[Saved entries]
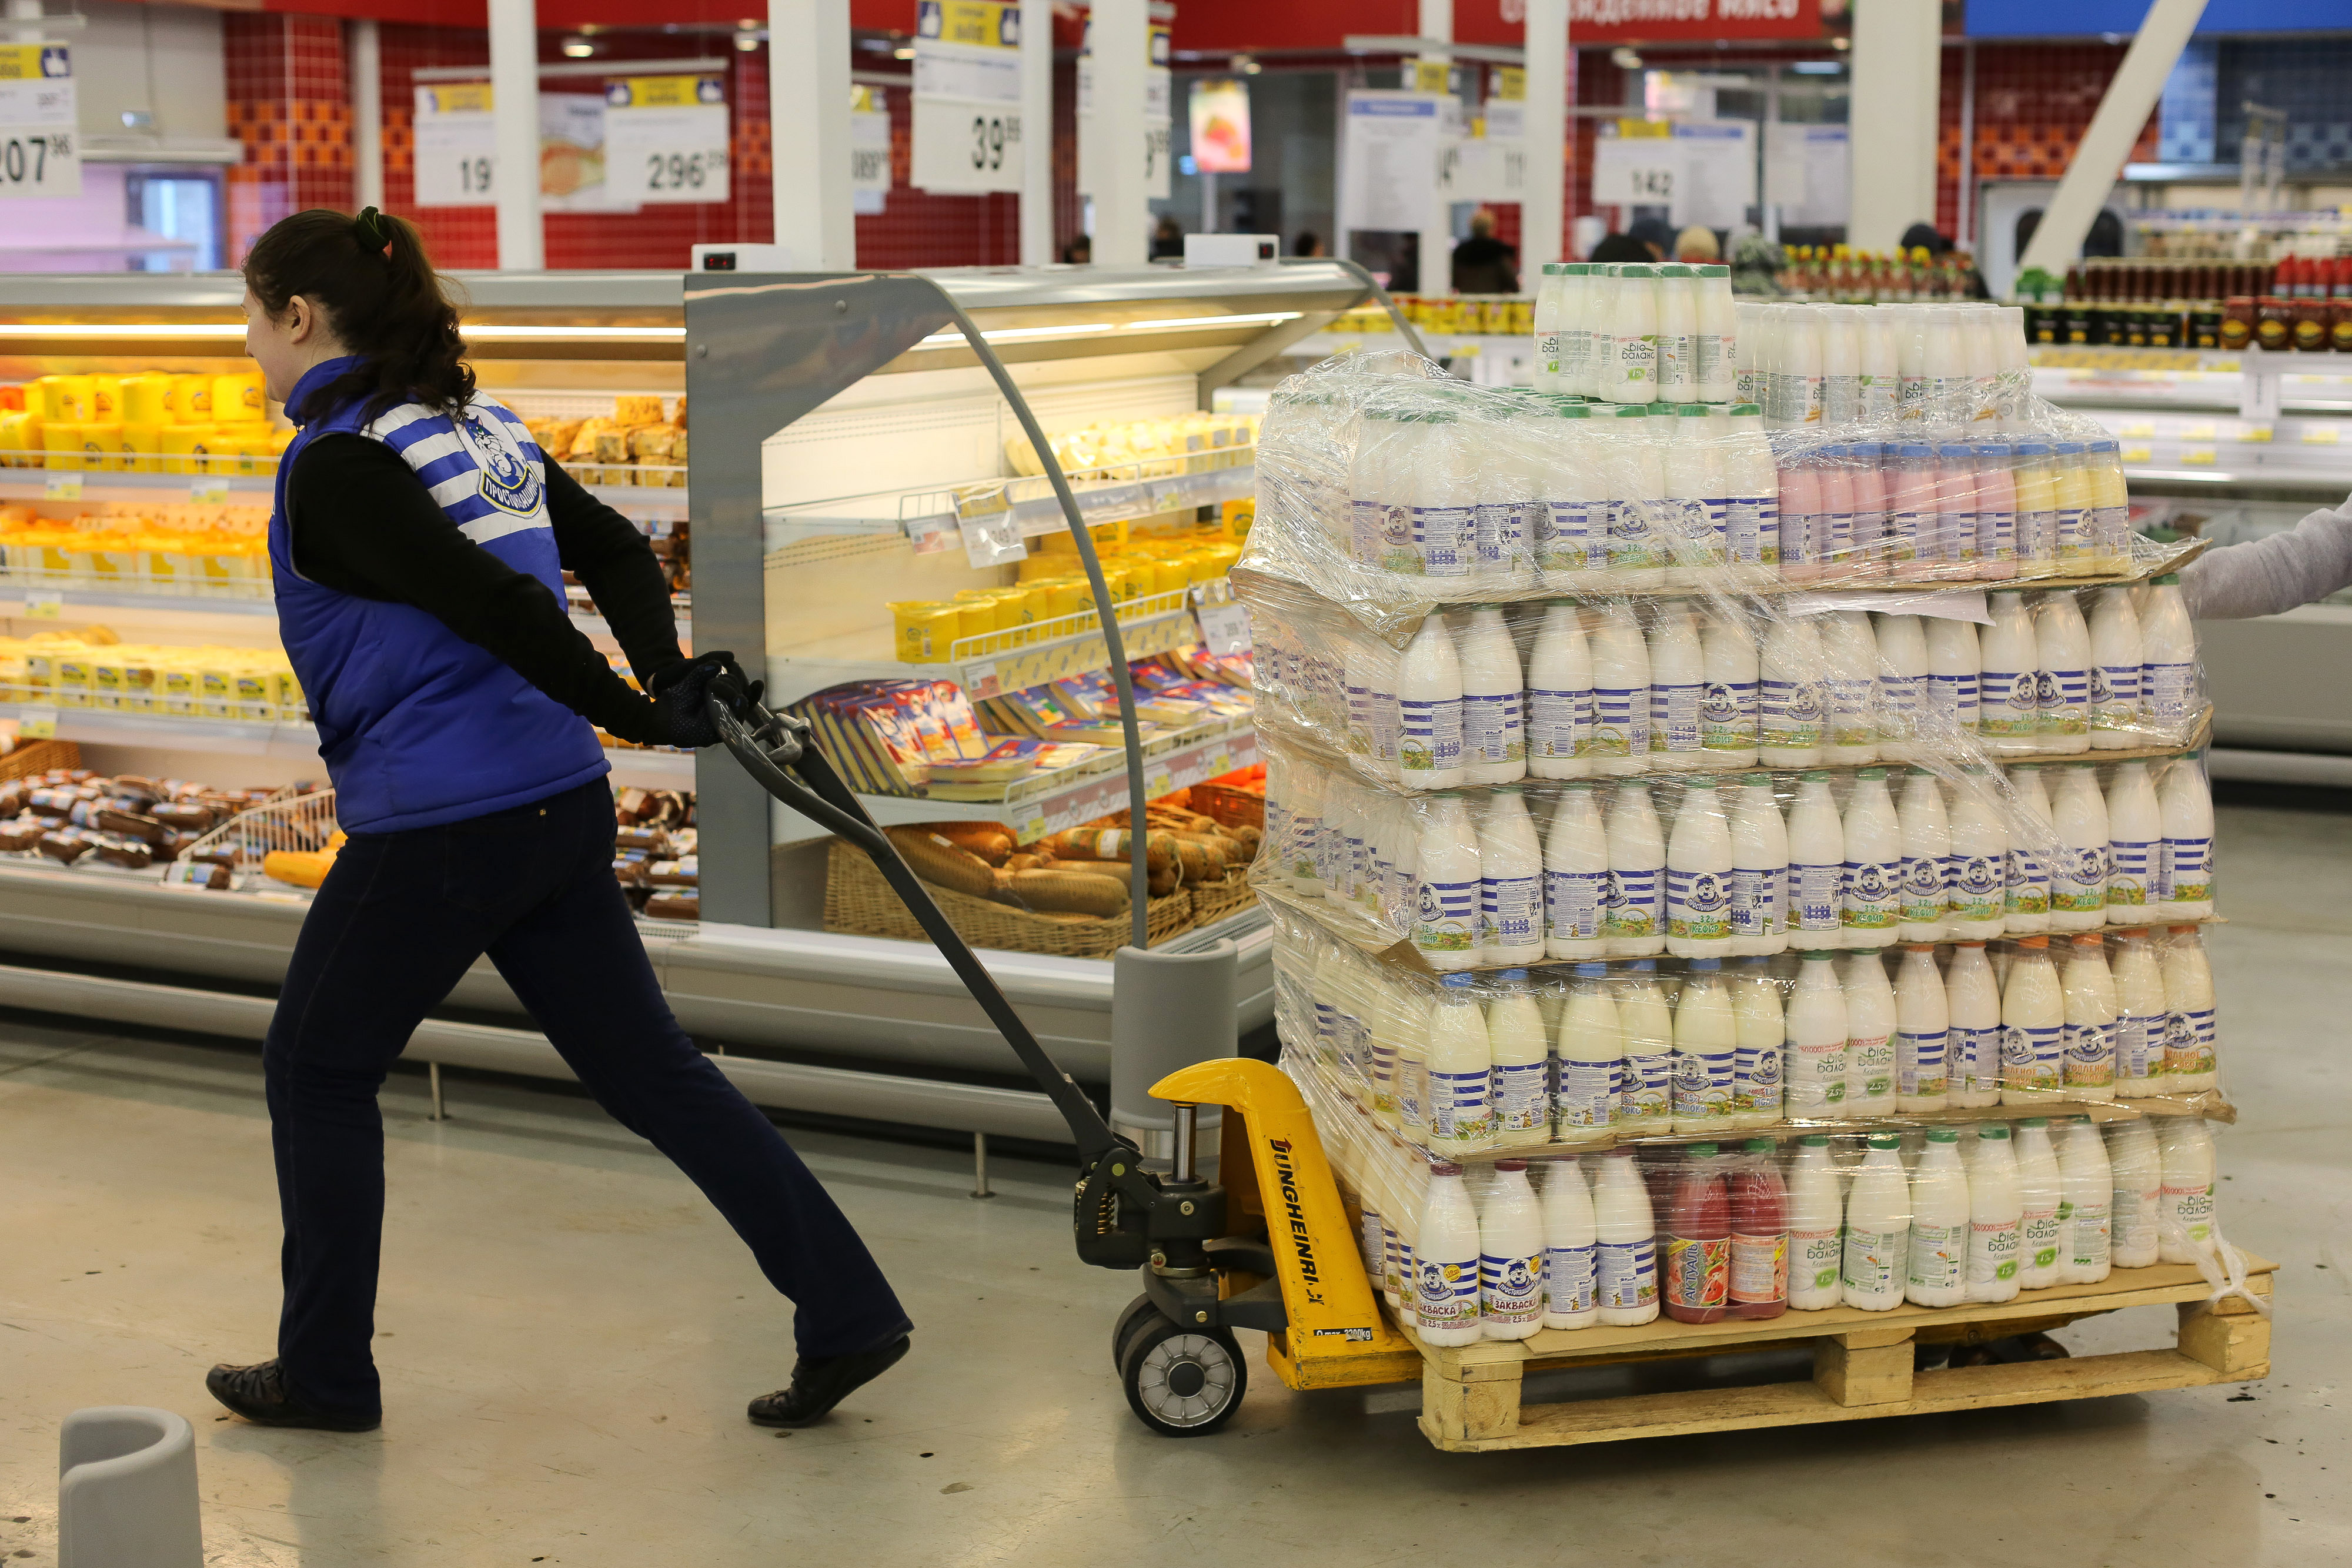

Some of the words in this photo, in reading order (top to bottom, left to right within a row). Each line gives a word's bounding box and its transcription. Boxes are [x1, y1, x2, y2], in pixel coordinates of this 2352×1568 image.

[971, 115, 1003, 172] 39
[0, 136, 46, 182] 07
[648, 151, 706, 190] 296
[1622, 351, 1655, 359] Баланс
[485, 476, 539, 510] ПРОСТОКВАШИНО
[1905, 883, 1942, 895] ПРОСТОКВАШИНО
[1959, 881, 1996, 894] ПРОСТОКВАШИНО
[1852, 888, 1889, 901] ПРОСТОКВАШИНО
[1687, 898, 1723, 911] ПРОСТОКВАШИНО
[1856, 914, 1884, 922] КЕФИР
[1909, 908, 1937, 917] КЕФИР
[1691, 924, 1719, 934] КЕФИР
[1622, 1081, 1643, 1092] КВАШИНО
[1753, 1096, 1777, 1107] МОЛО
[1622, 1105, 1642, 1115] ЛОКО
[1270, 1138, 1325, 1305] JUNGHEINRI
[2040, 1253, 2052, 1262] 1%
[1685, 1243, 1699, 1302] АКТУАЛЬ
[2002, 1267, 2013, 1276] 1%
[1419, 1285, 1452, 1300] ПРОСТОКВАШИНО
[1499, 1282, 1535, 1296] ПРОСТОКВАШИНО

• **Task description**: Write every record out again exactly as written. Pictures don't belong in the copy.

• **Result**:
Some of the words in this photo, in reading order (top to bottom, left to right within a row). Each line gives a word's bounding box and its transcription. Boxes are [x1, y1, x2, y2], in pixel coordinates of this 2352×1568 image.

[971, 115, 1003, 172] 39
[0, 136, 46, 182] 07
[648, 151, 706, 190] 296
[1622, 351, 1655, 359] Баланс
[485, 476, 539, 510] ПРОСТОКВАШИНО
[1905, 883, 1942, 895] ПРОСТОКВАШИНО
[1959, 881, 1996, 894] ПРОСТОКВАШИНО
[1852, 888, 1889, 901] ПРОСТОКВАШИНО
[1687, 898, 1723, 911] ПРОСТОКВАШИНО
[1856, 914, 1884, 922] КЕФИР
[1909, 908, 1937, 917] КЕФИР
[1691, 924, 1719, 934] КЕФИР
[1622, 1081, 1643, 1092] КВАШИНО
[1753, 1096, 1777, 1107] МОЛО
[1622, 1105, 1642, 1115] ЛОКО
[1270, 1138, 1325, 1305] JUNGHEINRI
[2040, 1253, 2052, 1262] 1%
[1685, 1243, 1699, 1302] АКТУАЛЬ
[2002, 1267, 2013, 1276] 1%
[1419, 1285, 1452, 1300] ПРОСТОКВАШИНО
[1499, 1282, 1535, 1296] ПРОСТОКВАШИНО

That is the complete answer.